EXERCISE AIM => Please write out every entry below exactly, leaving out any pictures.

**********

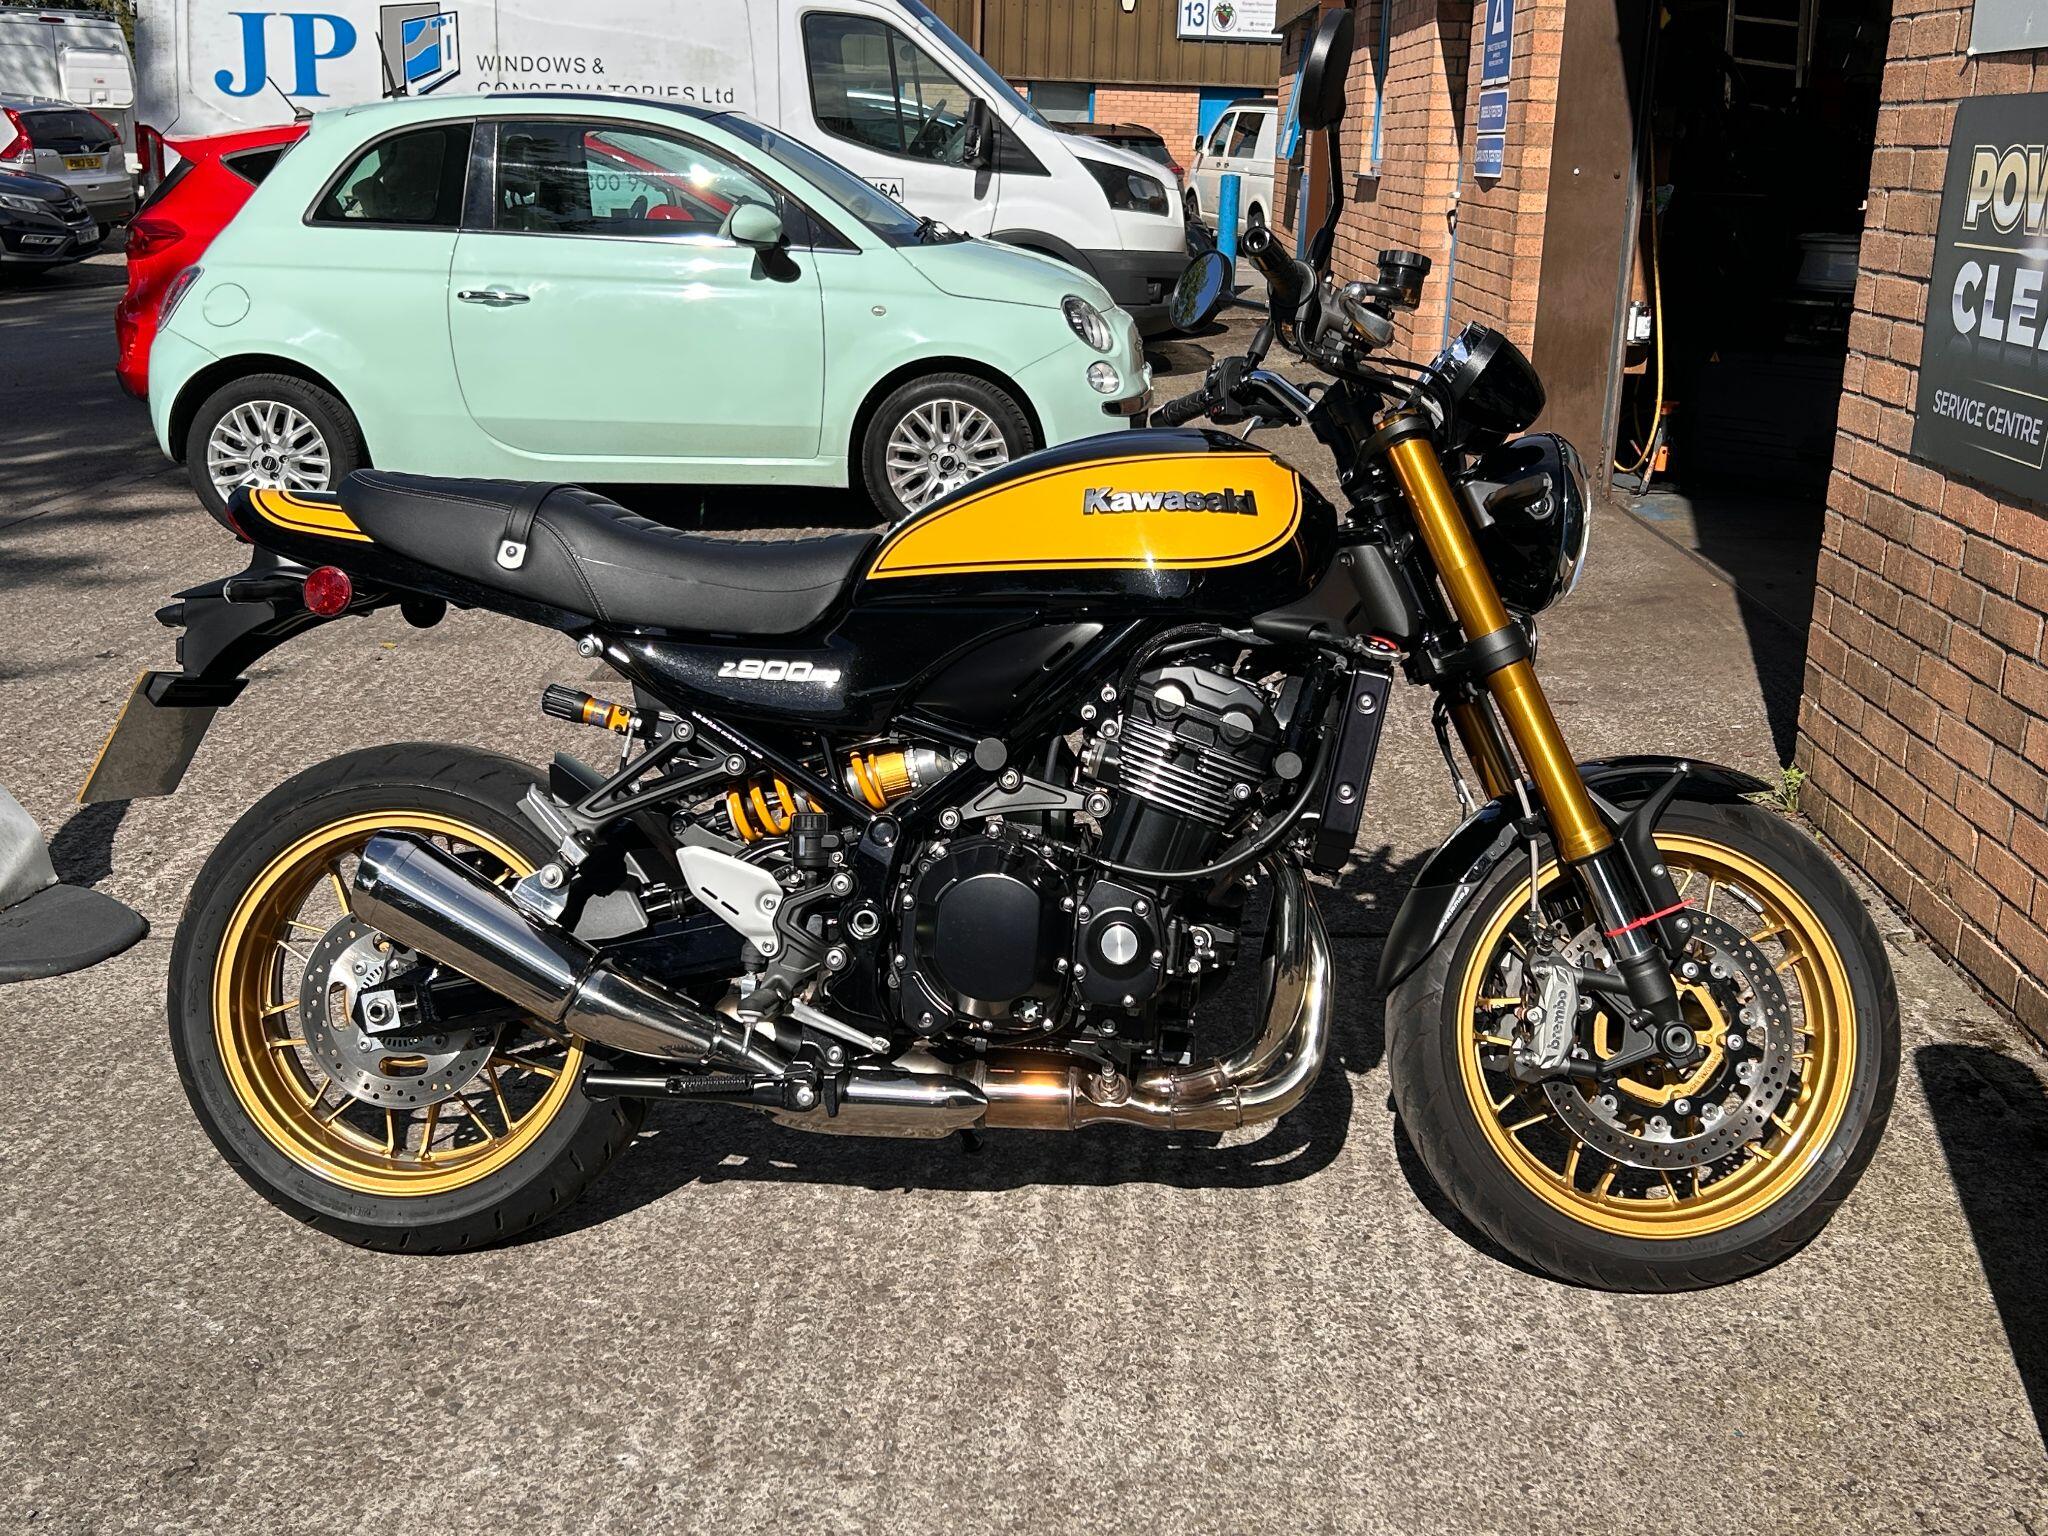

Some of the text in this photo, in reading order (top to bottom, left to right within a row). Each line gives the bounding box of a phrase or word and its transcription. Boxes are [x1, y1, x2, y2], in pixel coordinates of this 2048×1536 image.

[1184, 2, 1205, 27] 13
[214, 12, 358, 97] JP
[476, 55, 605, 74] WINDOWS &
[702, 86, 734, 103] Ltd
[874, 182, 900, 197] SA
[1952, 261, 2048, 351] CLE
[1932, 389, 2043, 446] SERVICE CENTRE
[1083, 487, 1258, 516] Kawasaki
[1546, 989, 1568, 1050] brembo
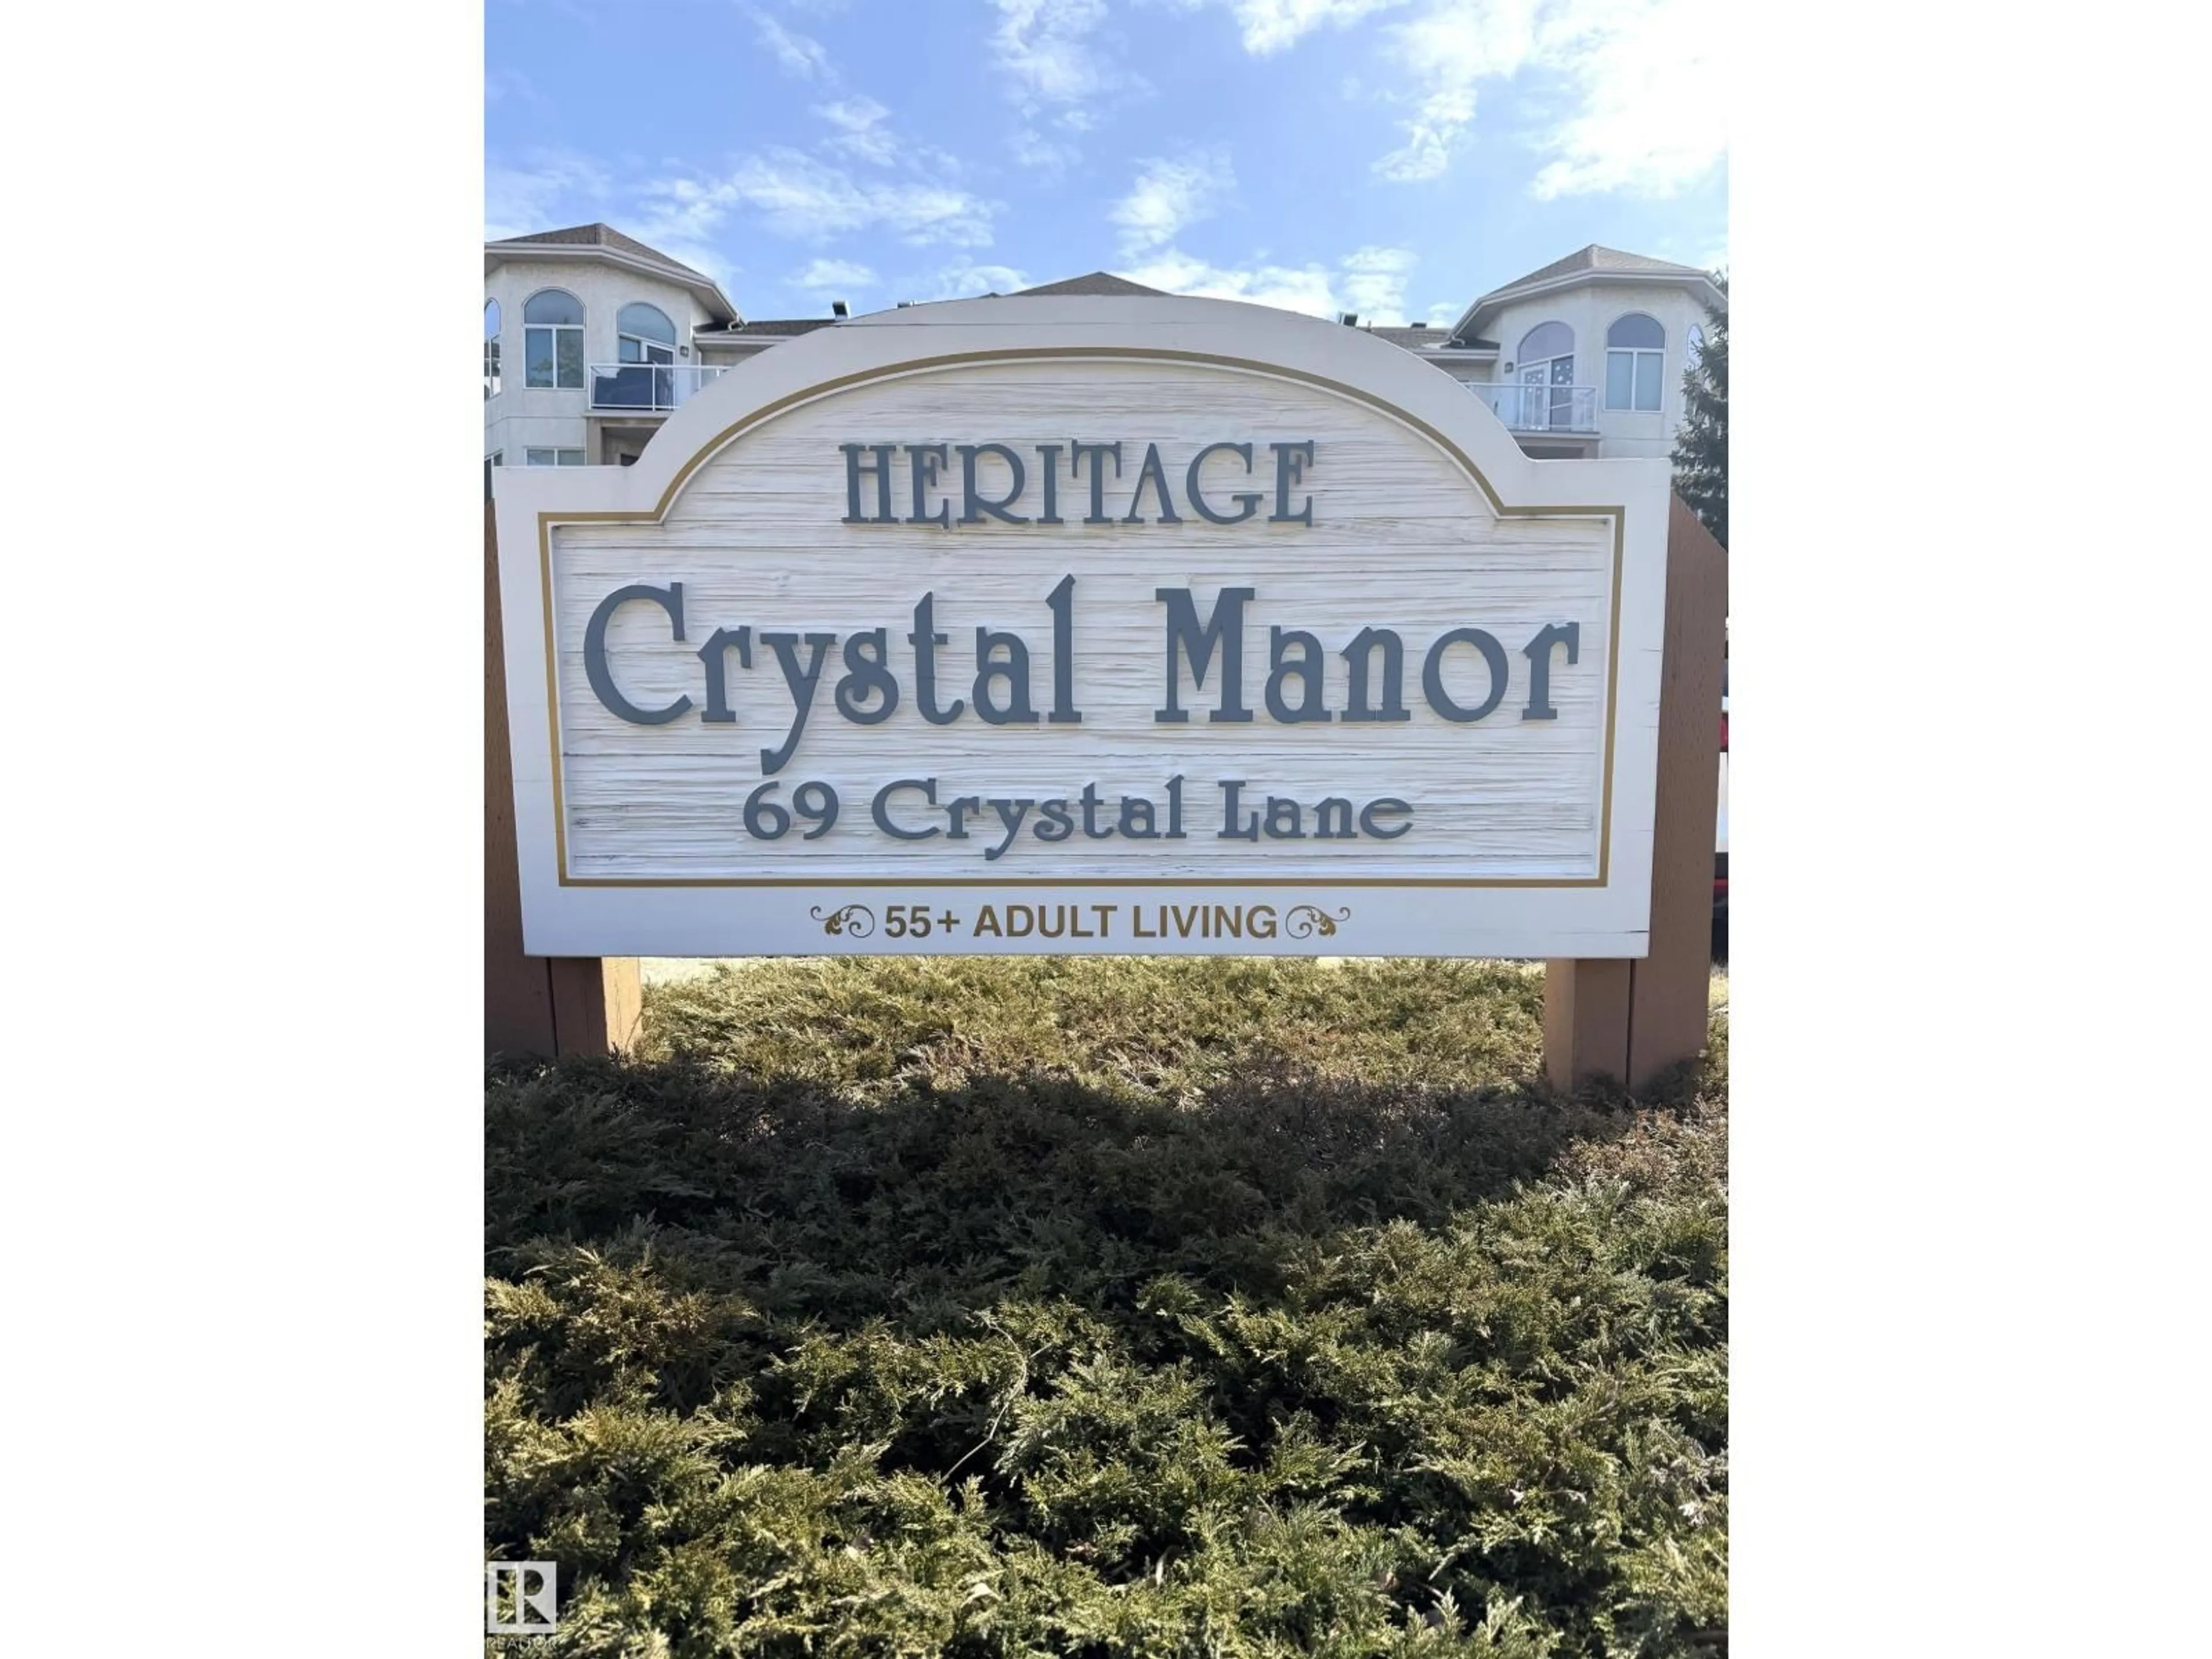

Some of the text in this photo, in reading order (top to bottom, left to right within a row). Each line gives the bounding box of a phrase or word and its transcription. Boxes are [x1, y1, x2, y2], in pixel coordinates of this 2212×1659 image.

**********

TASK RESULT =>
Some of the text in this photo, in reading order (top to bottom, left to right within a row). Each line gives the bounding box of a phrase or word and its transcription. Boxes are [x1, y1, x2, y2], in pixel coordinates of this 2048×1536 image.

[1184, 2, 1205, 27] 13
[214, 12, 358, 97] JP
[476, 55, 605, 74] WINDOWS &
[702, 86, 734, 103] Ltd
[874, 182, 900, 197] SA
[1952, 261, 2048, 351] CLE
[1932, 389, 2043, 446] SERVICE CENTRE
[1083, 487, 1258, 516] Kawasaki
[1546, 989, 1568, 1050] brembo

Some of the text in this photo, in reading order (top to bottom, left to right within a row). Each line gives the bounding box of a phrase or word and its transcription. Boxes are [x1, y1, x2, y2], in pixel coordinates of this 2212×1659 image.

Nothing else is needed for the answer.